Images for object localization:
◆ ◆ ◆ ◆
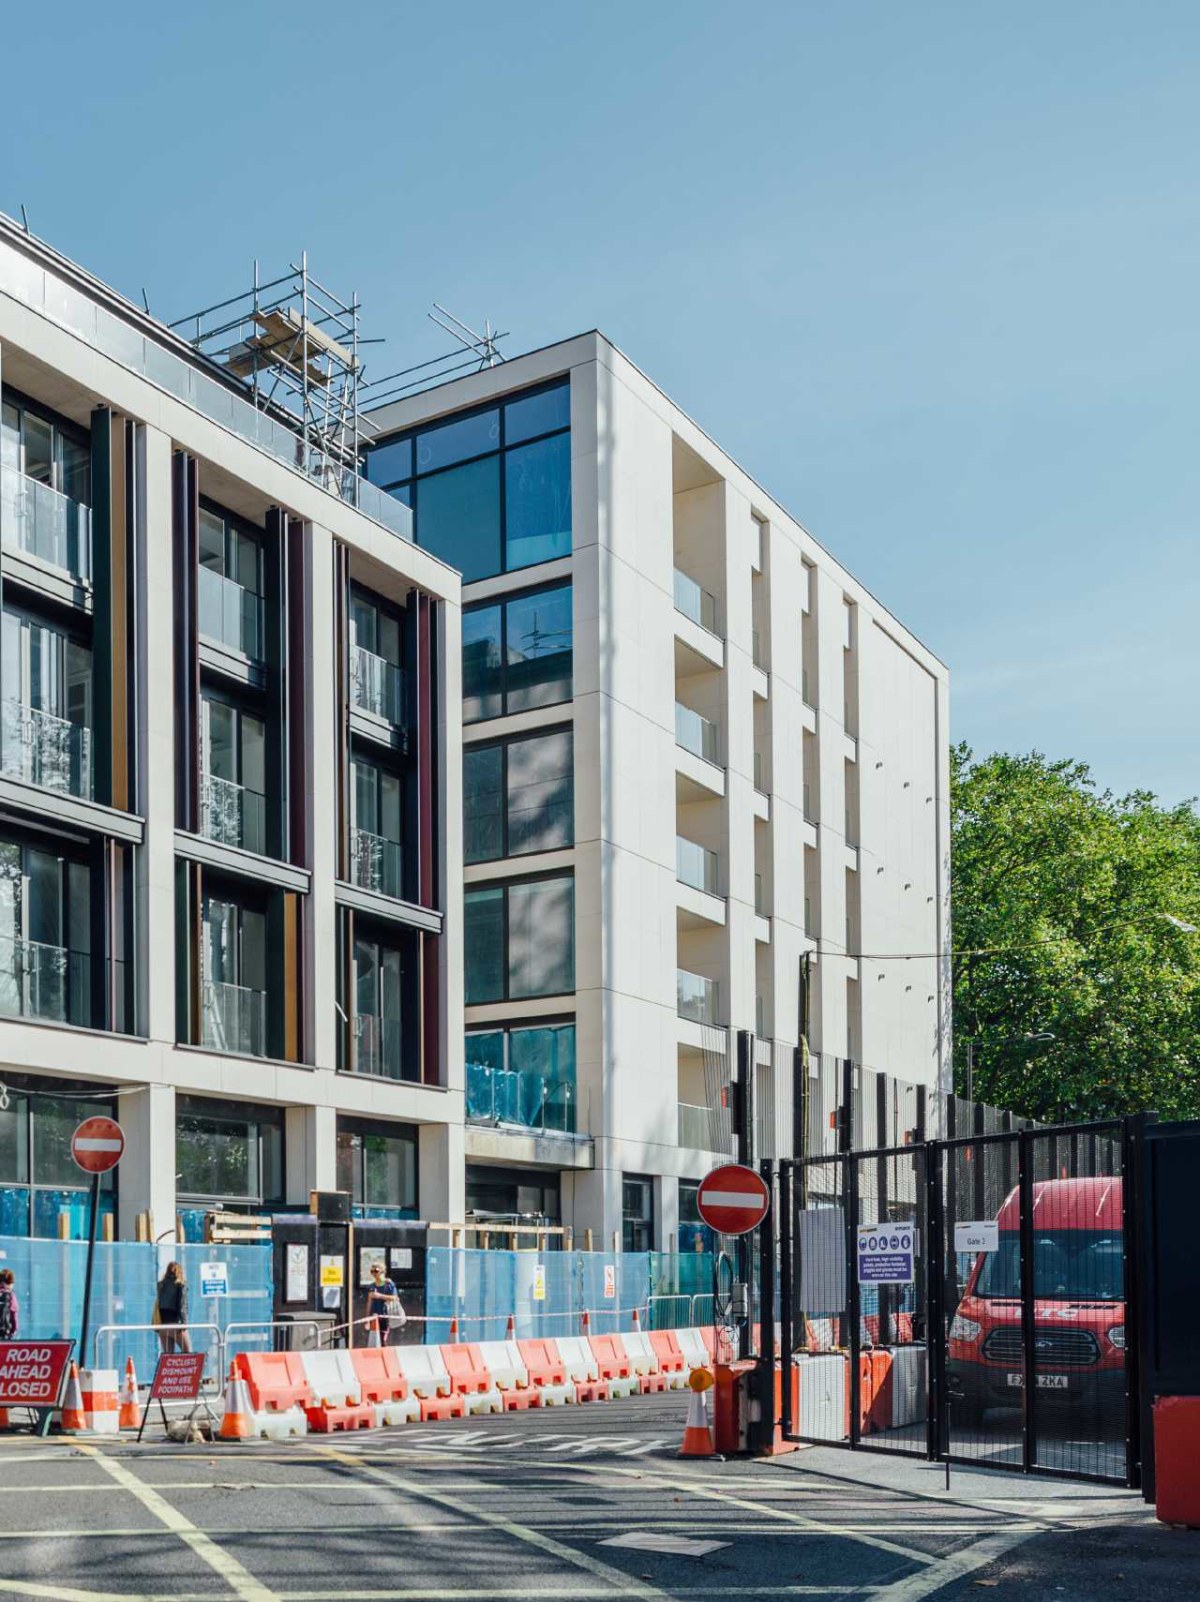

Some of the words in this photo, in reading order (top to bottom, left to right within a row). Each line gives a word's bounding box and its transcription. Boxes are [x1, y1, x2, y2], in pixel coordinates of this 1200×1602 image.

[967, 1237, 980, 1245] Gate
[6, 1348, 52, 1362] ROAD
[166, 1358, 197, 1367] CYCLISTS
[161, 1366, 198, 1376] DISMOUNT
[162, 1377, 178, 1385] AND
[179, 1376, 192, 1384] USE
[1041, 1376, 1065, 1387] ZKA
[157, 1385, 194, 1394] FOOTPATH
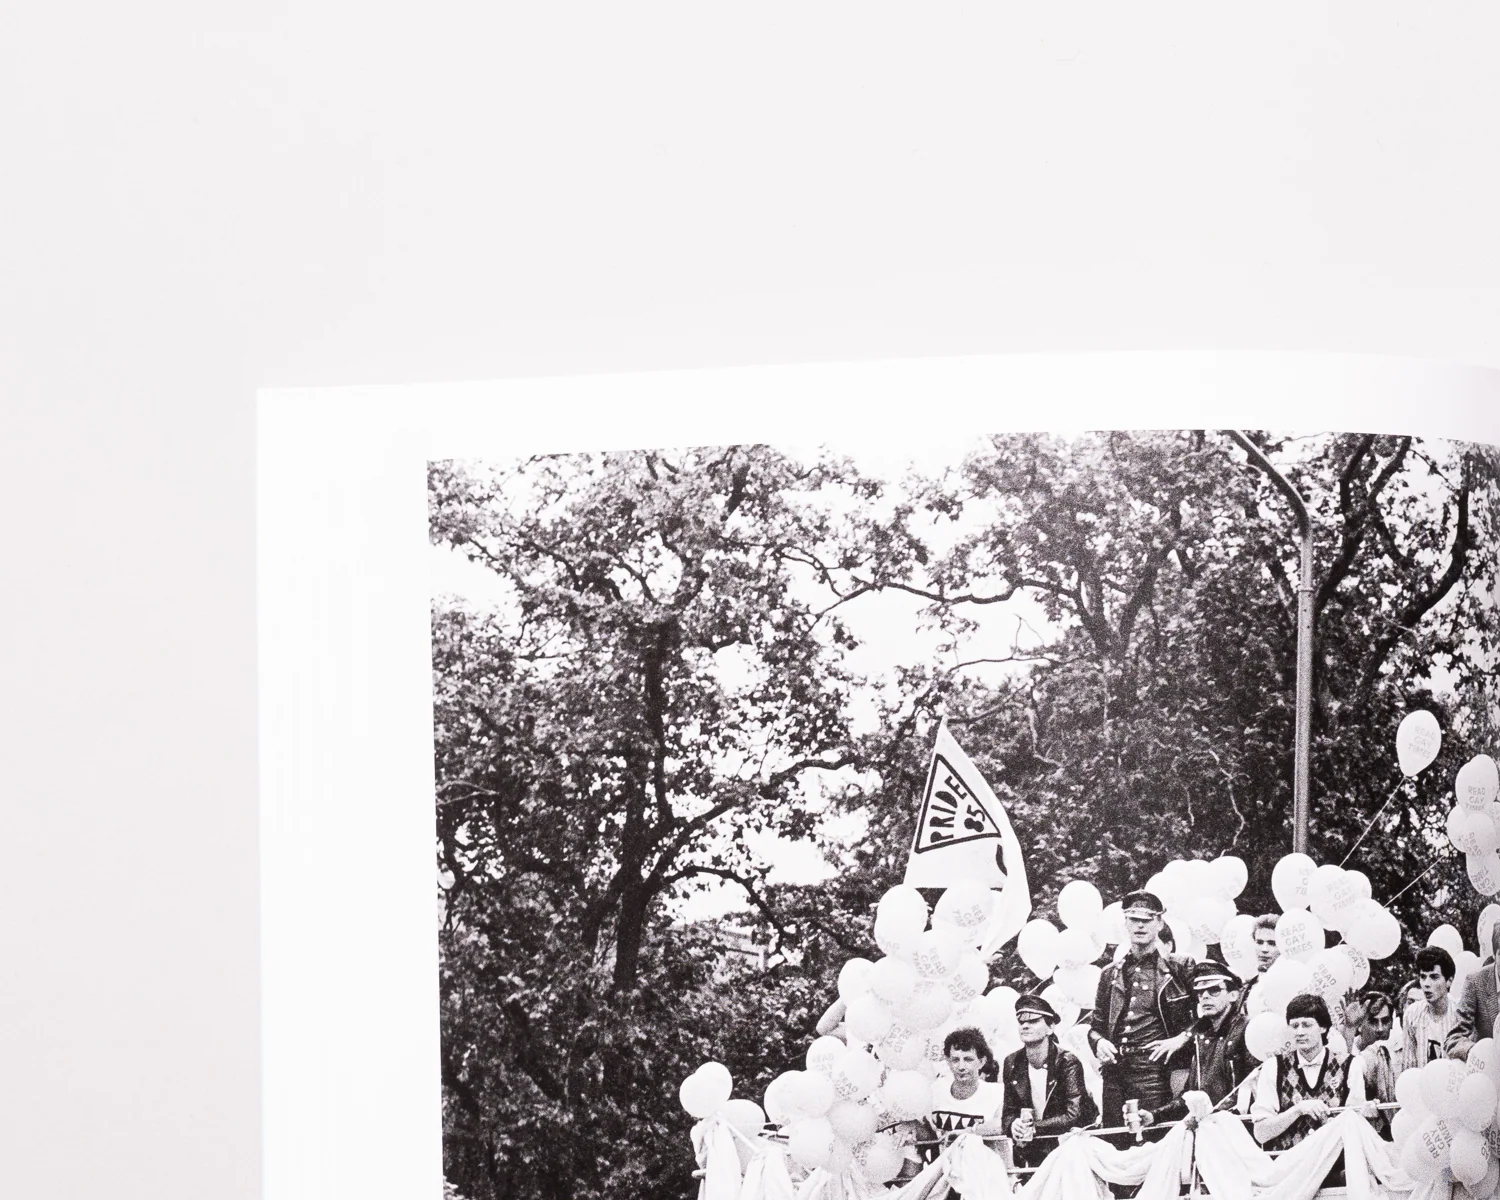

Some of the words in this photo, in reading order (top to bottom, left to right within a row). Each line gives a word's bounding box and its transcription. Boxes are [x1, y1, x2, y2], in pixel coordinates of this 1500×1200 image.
◆ ◆ ◆ ◆
Task requirements: Apart from its pictures, the data is to be repeated exactly.

Exercise output:
Some of the words in this photo, in reading order (top to bottom, left to right within a row). Each line gives a word's bounding box and its transcription. Boxes are [x1, y1, x2, y2], in pixel coordinates of this 1200×1602 image.

[967, 1237, 980, 1245] Gate
[6, 1348, 52, 1362] ROAD
[166, 1358, 197, 1367] CYCLISTS
[161, 1366, 198, 1376] DISMOUNT
[162, 1377, 178, 1385] AND
[179, 1376, 192, 1384] USE
[1041, 1376, 1065, 1387] ZKA
[157, 1385, 194, 1394] FOOTPATH

Some of the words in this photo, in reading order (top to bottom, left to right within a row). Each line gives a word's bounding box and its transcription. Boxes are [x1, y1, x2, y2], in pixel coordinates of this 1500×1200 image.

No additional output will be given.